I had previously pointed out to them that anytime I wanna hang out, I always get a “no”, so I was gonna stop asking. This was/is their attempt to “make amends” for neglecting me. While I should probably do a cartwheel at their generosity, I’m cool on being somebodies charity case.

 
Neglecting me? Oh goodness, how pathetic am I? I wasn’t tryna send anyone on a guilt trip into hanging out with me.

 
I reacted somewhat strongly to these words, because I don’t want someone just doing something with me because they feel bad. I’d rather you do it because you actually want to. And I kinda knew they were tryna “make it up to me” when they made the offer, and I was set to go along with it until they actually said that was the reason.

 
And maybe I shouldn’t be like that. If I wanna hang with them, maybe I should just say “Thanks, see ya tomorrow”. But……welp, that ain’t me.
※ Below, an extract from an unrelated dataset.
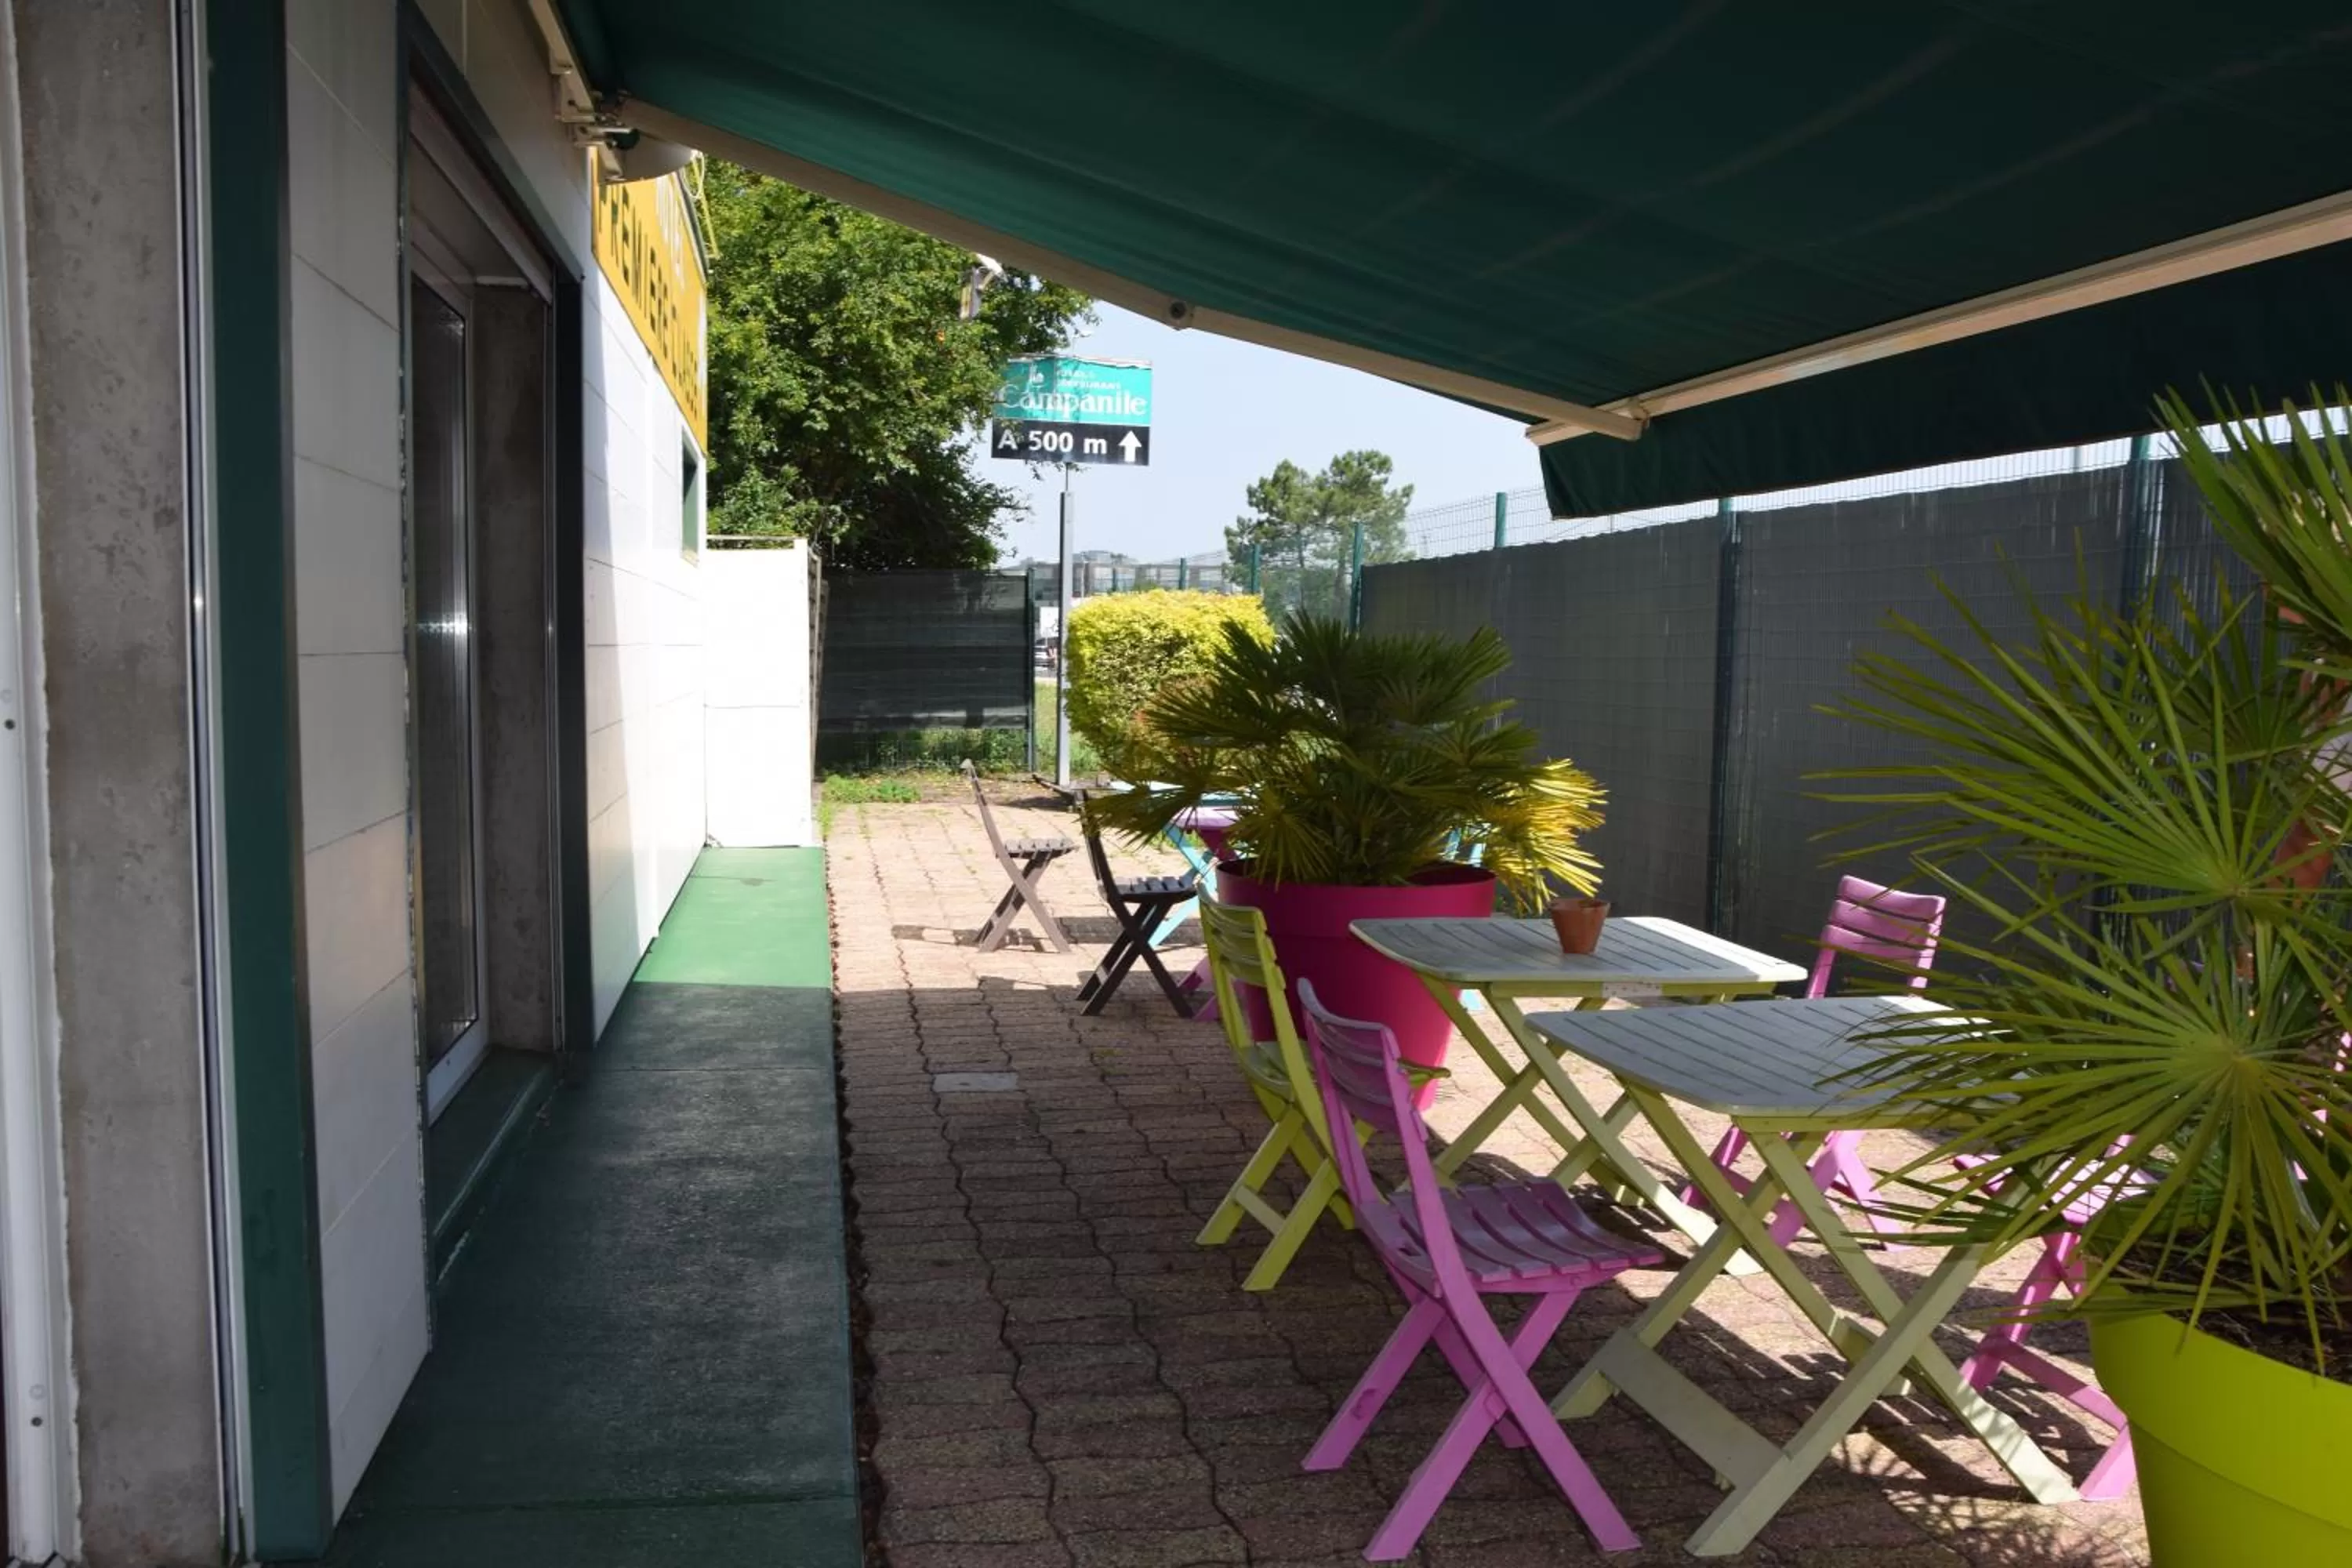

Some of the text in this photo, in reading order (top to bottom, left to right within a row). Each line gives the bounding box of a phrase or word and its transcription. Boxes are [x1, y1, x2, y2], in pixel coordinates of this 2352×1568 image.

[996, 384, 1148, 419] Campanile
[997, 430, 1108, 455] A 500 m
Too stubborn, I guess. Too proud. Its all apart of my self-sabotage thing I got goin’ on for myself. I’m pretty good at it.

 
Of course I let them know that while I appreciate the gesture, it wasn’t necessary for them give me a courtesy visit.

 
And now I guess I’ll probably be watching the games alone. Way to go, B. At least I still have my pride right? Whatever.   :roll:

 
Maybe one day I’ll get over myself, and accept the wimpy handouts kind favors.

 
Maybe not.

 

 

 

This is SHESOPINIONATED.com,
and everyone is entitled to my opinion.

 

 

 


1 Comment

  1. ShesOpinionated.com » spring cleaning :: April 7th, 2008 9:01 pm

    […] So I talked a bit about my tendency to self-sabotage…uhh…myself. Its a sick & twisted cycle, because […]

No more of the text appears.